Further, it was observed, that accidents were recorded from different viewing points, either stationary (from surveillance cameras) or car-centred (often via dashboard cameras). Car-centred viewing points were further categorised into non-moving and moving viewing points. From moving, car-centred views, the collision either happed with the ego or another vehicle. The categorisation into different viewing points reveals which kind of viewing points are most common. Besides the quality classification, viewing points were also considered for selecting videos for which quantitative pose descriptions should be extracted.

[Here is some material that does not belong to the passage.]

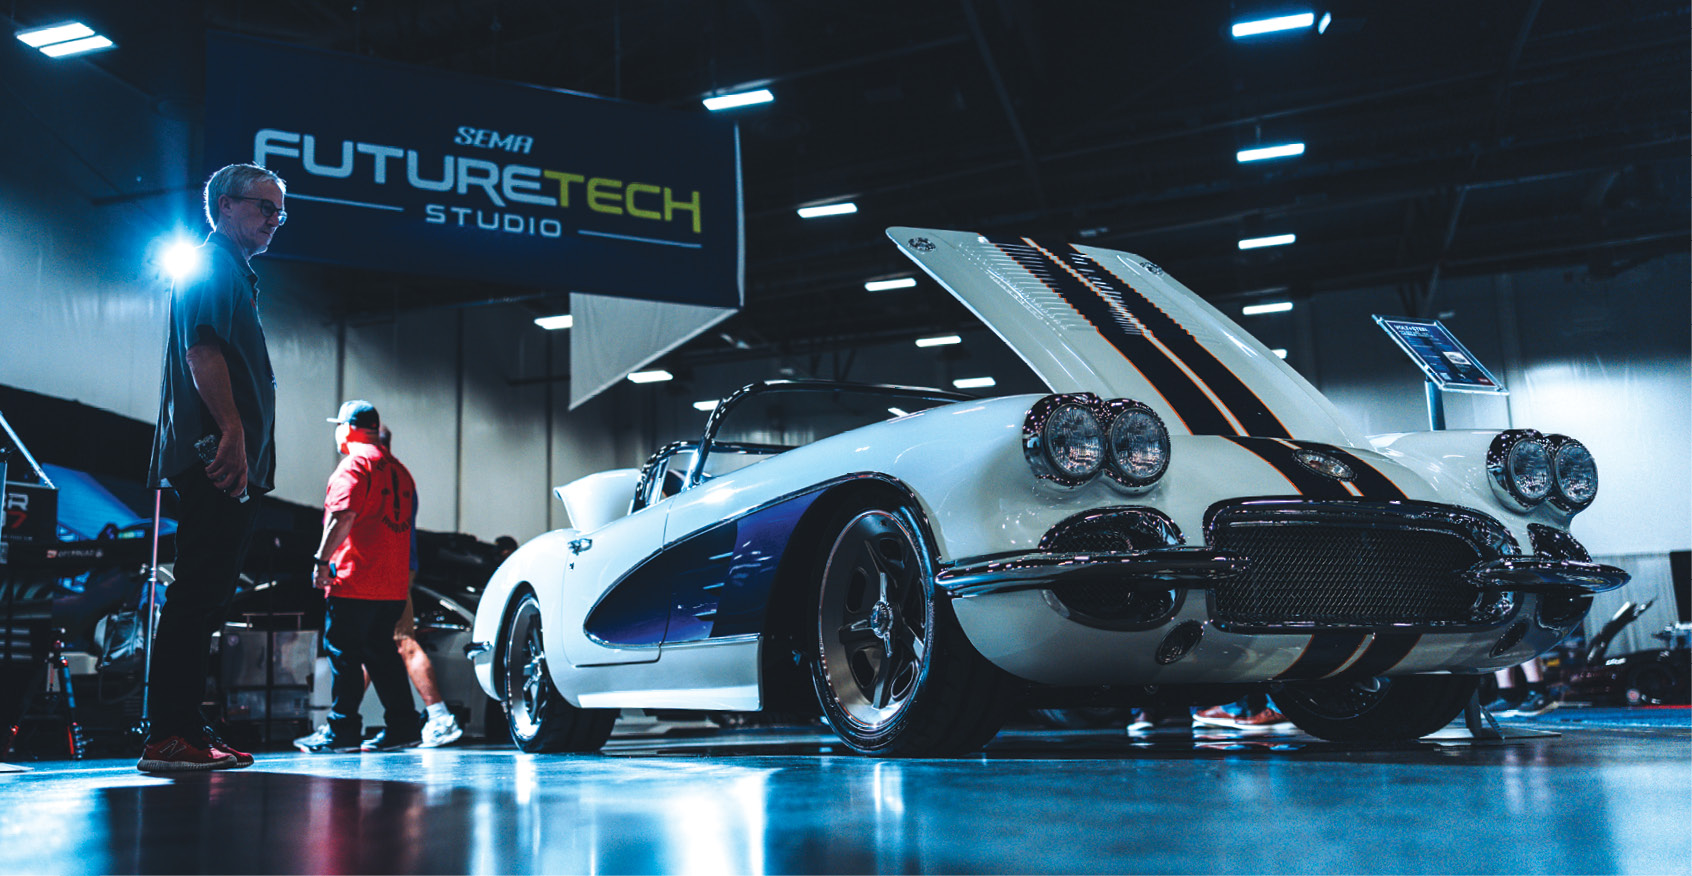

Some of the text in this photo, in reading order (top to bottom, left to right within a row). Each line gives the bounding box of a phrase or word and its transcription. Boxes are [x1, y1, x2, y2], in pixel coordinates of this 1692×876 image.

[454, 126, 534, 154] SEMA
[254, 128, 701, 233] FUTURETECH
[425, 204, 562, 237] STUDIO

B. Toolchain Depth reconstruction from monocular images, as observed in the accident video dataset, is a challenging and

even ambiguous task [28]. Common approaches to perform 3D human pose reconstructions of monocular images use pixel coordinates of representative 2D human body joints, i.e., knee and elbow, which are commonly denoted as key points. A bottom-up approach was applied to estimate 3D human body postures from key points by using deep neural networks, which were trained on large datasets shown in [29]. On the other hand, a top-down approach has also been applied, in which the body postures of a 3D human model [30] had been optimised such that its 2D camera projected body joints fit the 2D key points in the image [31].

In this study, state of the art computer vision algorithms have been used, extended and combined to a toolchain. The toolchain consists of a semi-automatic 2D key point detection procedure and 3D pedestrian pose reconstruction, based on the investigations in [31]. These two parts combine to form the outline of this section.

1) 2D Human Pose Estimation

For the localisation of 2D key points, deep convolutional networks have proven themselves in recent years. In contrast to many top-down approaches, where explicit models have been fitted with appropriate preliminary information [26], deep neural networks are often better suited to compensate diverse image data (low spatial resolution, occlusion, extreme joint positions or poor lighting conditions). However, one of the major drawbacks of this methodology is the implicit mapping, which does not allow further insight into the trained model.

The performance of such deep convolutional neural networks is usually evaluated on large diverse datasets. Meaning that the algorithm is trained with a subset of the dataset and its performance further validated and tested with a disjoint subset. Therefore, representative human joints depend on the representation in the dataset, reaching from limbs only [23][25]to representation of the hands [32], face or feet [24]. Datasets of this kind are mainly annotated by humans, meaning that key points are estimated and cross validated by annotating people [25][33]. Hence 2D key point annotations in datasets must be regarded as a best possible estimate and do not fully guarantee anatomic correct point locations, which might be measurable under laboratory conditions.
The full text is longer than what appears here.